16/3/12

Elegía por un chopo de mi barrio

¡Que crezcan los árboles en nuestras calles! ¡Que nos regalen su fresca sombra en los días calurosos y blancos! ¡Que coloreen el asfalto con sus hojas otoñales! ¡Que sus ramificaciones desnudas estimulen en invierno una dulce nostalgia! ¡Que alberguen entre su verdor los trinos y silbidos primaverales! ¡Que crezcan, que lancen sus ramas frondosas hacia el cielo, que nos distraigan con su orgánica exuberancia del hormigón sucio, del ladrillo aburrido, de las telarañas de cables que nos retienen en la ciudad! Sí, que crezcan, que crezcan… pero no demasiado.

Un jardín es vegetación domesticada, flores y plantas siguiendo un patrón, el dictado de nuestro caprichoso sentido de la belleza. Un jardín es una batalla constante entre el artificio de la geometría y el laberinto, y una naturaleza amante del experimento y del caos. Cuando el jardín se rebela, cuando el jardín se vuelve salvaje, la revolución se ataja con mano dura, con rastrillos y palas, con tijeras y sierras.

Cada vez que pasaba junto al gran chopo de la calle Alhambra, me abrumaba su poderío de árbol viejo y mágico, su silueta orgullosa, digna de aparecer en el blasón de la familia más noble. Pasaba por la calle Alhambra y, de pronto, me veía obligado a aminorar el paso, hipnotizado por la explosión de ramas que sobresalía incluso por encima de los tejados vecinos.

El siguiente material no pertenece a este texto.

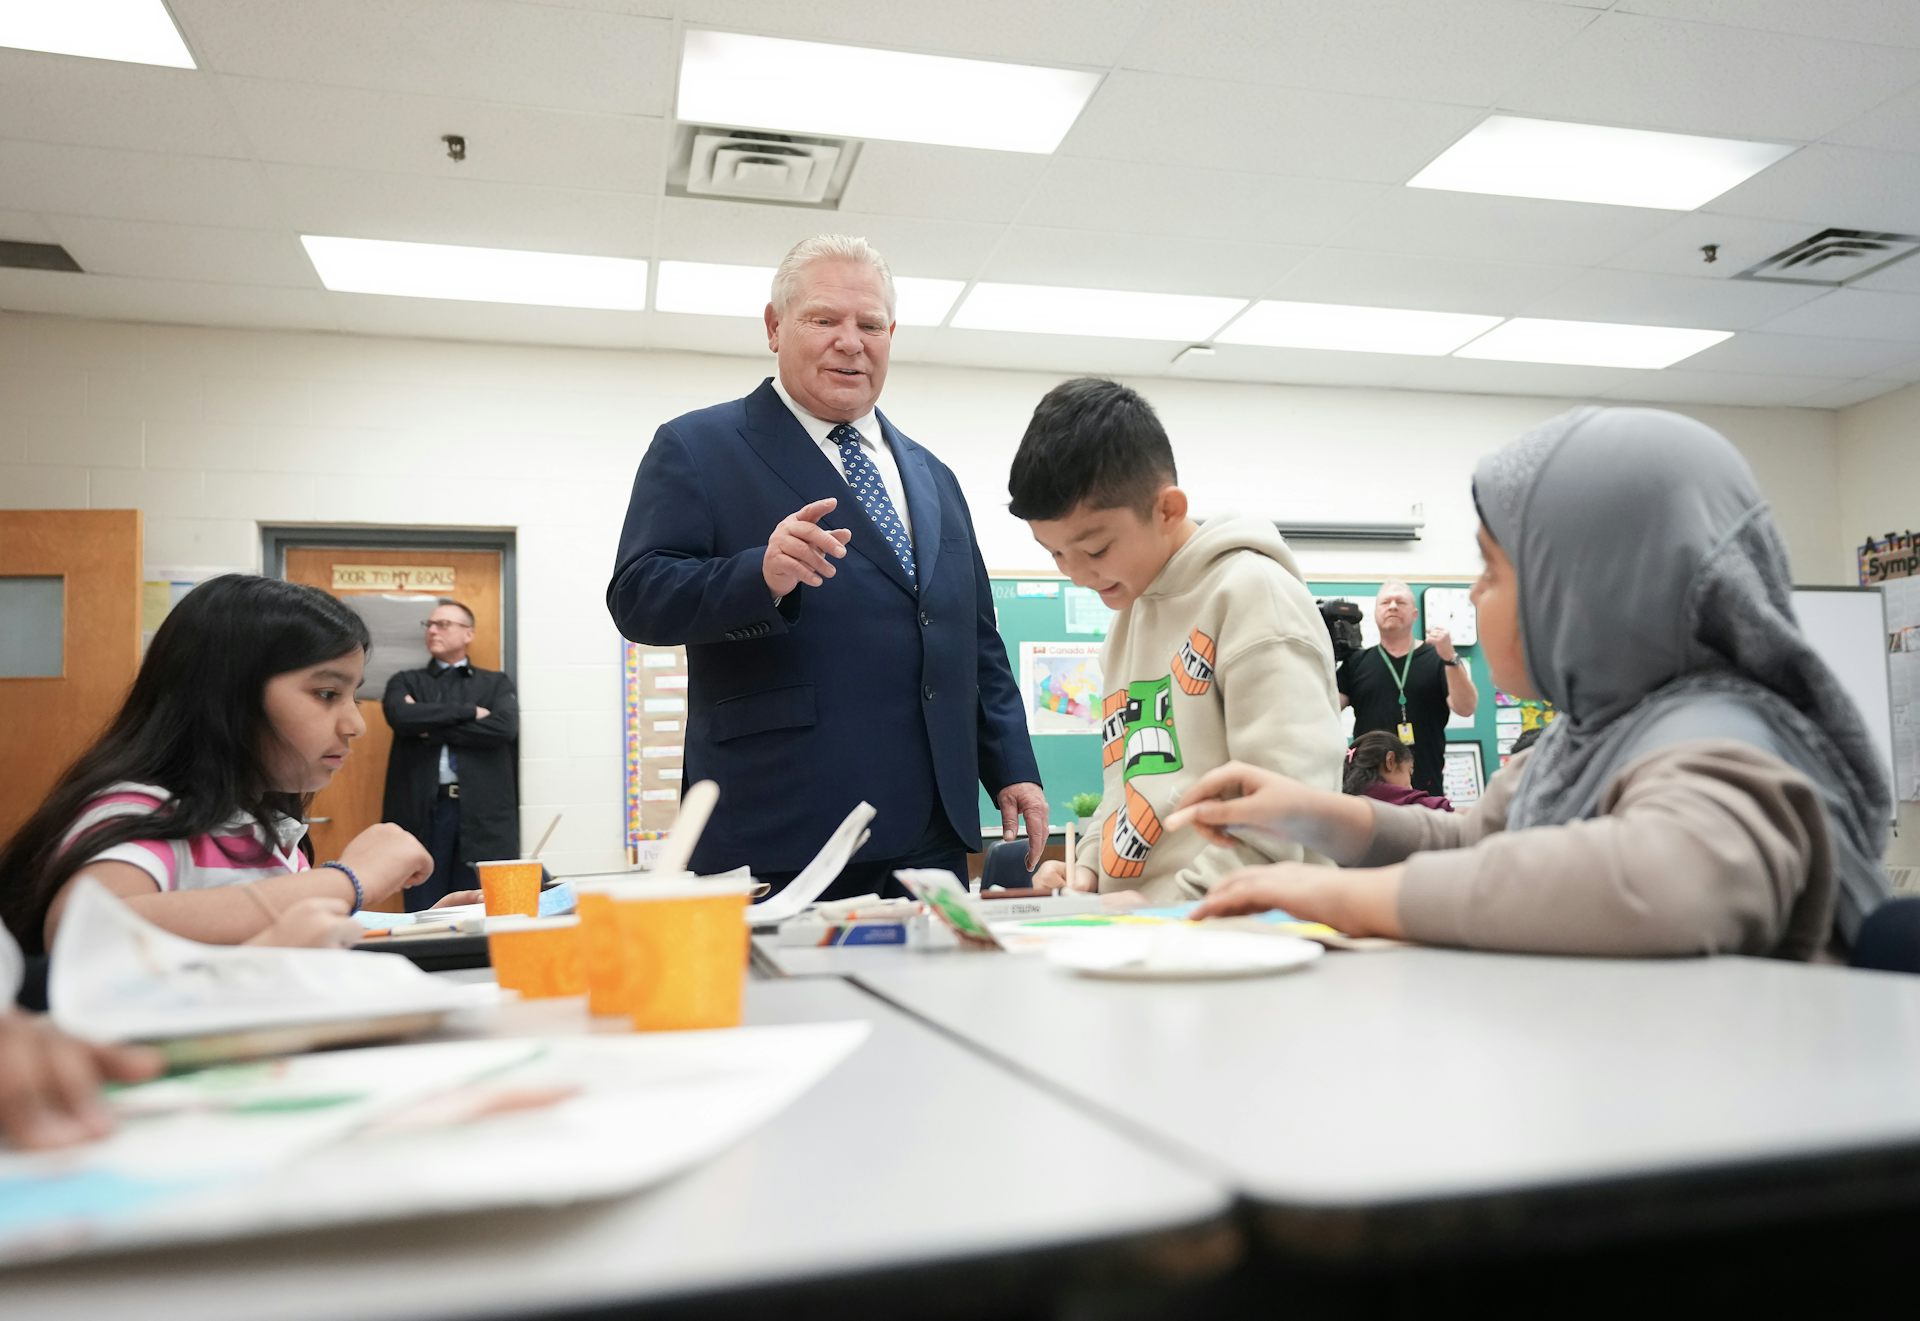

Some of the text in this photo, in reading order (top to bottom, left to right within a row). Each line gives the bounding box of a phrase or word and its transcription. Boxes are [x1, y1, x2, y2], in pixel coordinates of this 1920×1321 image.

Cuando escuché el mugido atronador de las sierras mecánicas y vi caer los enormes bloques de tronco blanco, en ningún momento pensé en la palabra poda, sino en la palabra amputación. Algunos curiosos asistían como liliputienses a la tortura del gigante, que soportaba su suplicio con el silencio de los valientes. Incrédulo ante la evidencia, quise creer que tal vez pretendían tan solo meter en vereda al rebelde, encauzarle, ayudarle a retomar el buen camino: el nuestro. Sin embargo, cuando hoy he visto a lo lejos la fachada del edificio que solía esconderse tras el gran chopo, he recordado con pesar que ningún imperio perdonaría jamás a ningún Espartaco.

En la acera hay ahora solo un tocón. Y hasta su mínima expresión conserva un aura de grandeza. Sí, es un tocón, pero uno que podría servir de mesa al mismísimo Rey Arturo y sus caballeros. Pero descartada la posibilidad de arraigar en la leyenda, el coloso vive ahora una vida de lombriz, los tentáculos de sus raíces escapando bajo tierra en todas direcciones. Y sé que también esta huida tendrá un abrupto final, en cuanto choque ciegamente contra una cañería o haga saltar los azulejos de la cocina del presidente de alguna comunidad vecinal.